Exhibit 10.24
CONFIDENTIAL SEPARATION AGREEMENT AND GENERAL RELEASE
This Confidential Separation Agreement and General Release (the “Agreement”) is entered into by and between James Hirchak (“Employee”) and Corn Products International, Inc. (hereinafter sometimes referred to as “CP”) for good, valuable and received mutual consideration.
1. Employee hereby voluntarily retires from his position of Vice President — Human Resources, and resigns from any and all other positions that he currently holds with CP or any affiliate or subsidiary of CP, effective at the close of business on March 31, 2010 (the “Separation Date”). Employee agrees that he will execute all documents necessary to effect such retirement or resignation(s). Employee shall continue in CP’s employ through the Separation Date, at which time his employment by CP will cease.
2. Provided that Employee signs and returns this Agreement to CP within 21 days after receiving it, does not revoke this Agreement pursuant to its terms, and complies with its terms, he will receive the sums and benefits set forth below. Employee acknowledges that Employee would not be entitled to or receive these sums and benefits but for Employee’s undertakings in this Agreement. Except as otherwise set forth in this Agreement, Employee acknowledges and agrees that Employee has been paid and/or has received all salary, compensation, leave (paid or unpaid), severance pay, bonuses, reimbursements, benefits, and other monies to which Employee may have been entitled and that, except as otherwise set forth in this Agreement, no other compensation, salary, leave (paid or unpaid), severance pay, bonuses, reimbursements, benefits, and/or other monies are due Employee:
(a) CP will pay Employee a special separation payment in the gross amount less customary withholding and deductions, which is equal to two years’ base compensation plus all accrued but unused vacation through the Separation Date (the “Separation Payment”). Except as otherwise required pursuant to Section 409A of the Internal Revenue Code of 1986, as amended, (the “Code”) and subject to Section 18 of this Agreement, the Separation Payment shall be paid in a lump sum via CP’s standard payroll system within 14 days after the Separation Date, provided that Employee has not revoked the Agreement. Any remaining amount shall be paid on the date specified in Section 18 of this Agreement.

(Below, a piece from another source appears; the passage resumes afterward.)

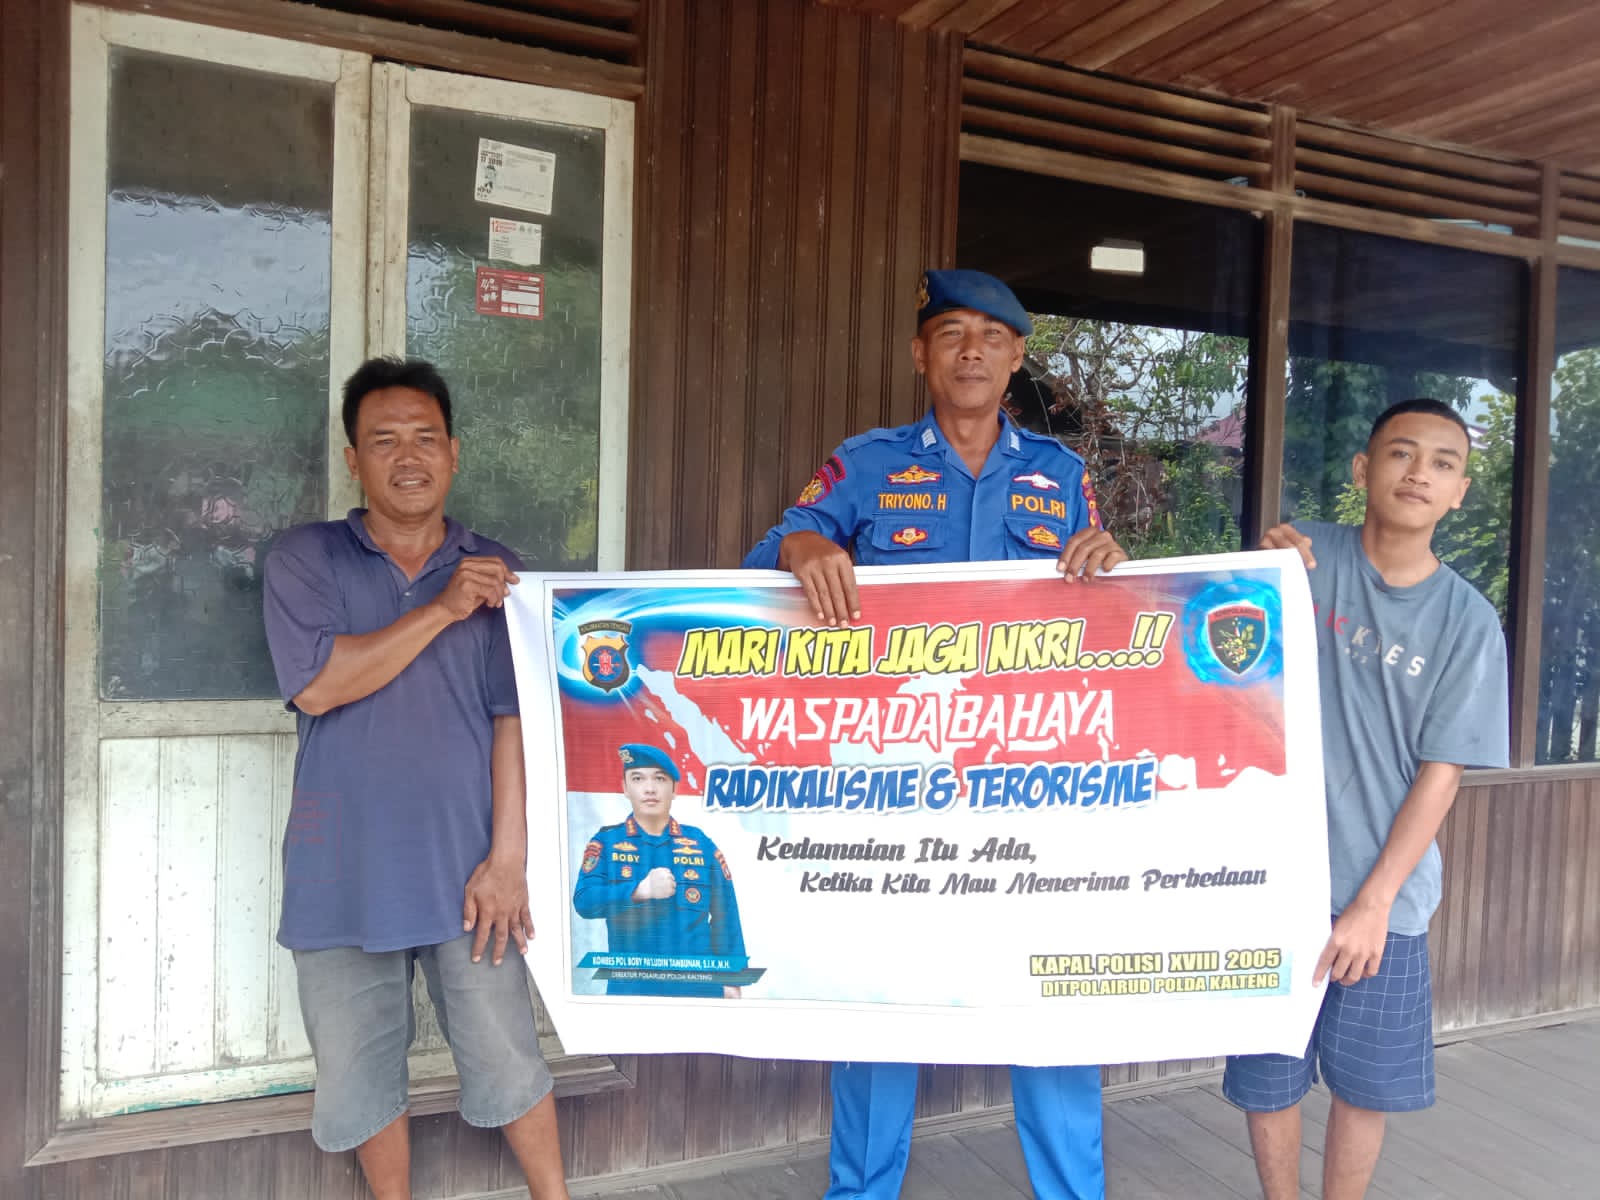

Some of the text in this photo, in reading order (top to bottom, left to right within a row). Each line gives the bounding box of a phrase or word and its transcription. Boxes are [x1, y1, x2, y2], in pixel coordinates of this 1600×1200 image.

(b) CP will give Employee the opportunity to purchase the automobile that he currently leases at wholesale terms as determined by CP.
(c) CP shall take all action necessary to cause the outstanding unvested options held by Employee under the Corn Products International, Inc. Stock Incentive Plan to be immediately exercisable in full effective as of the Separation Date.
(d) Employee shall be eligible to receive (i) an amount equal to two-thirds of the amount otherwise payable to Employee pursuant to the terms of the Corn Products International, Inc. 2008 Performance Plan, plus (ii) an amount equal to one-third of the amount otherwise payable to Employee pursuant to the terms of the Corn Products International, Inc. 2009 Performance Plan, which payments shall be made on the dates specified under the terms of such plans, subject to all applicable taxes and deductions.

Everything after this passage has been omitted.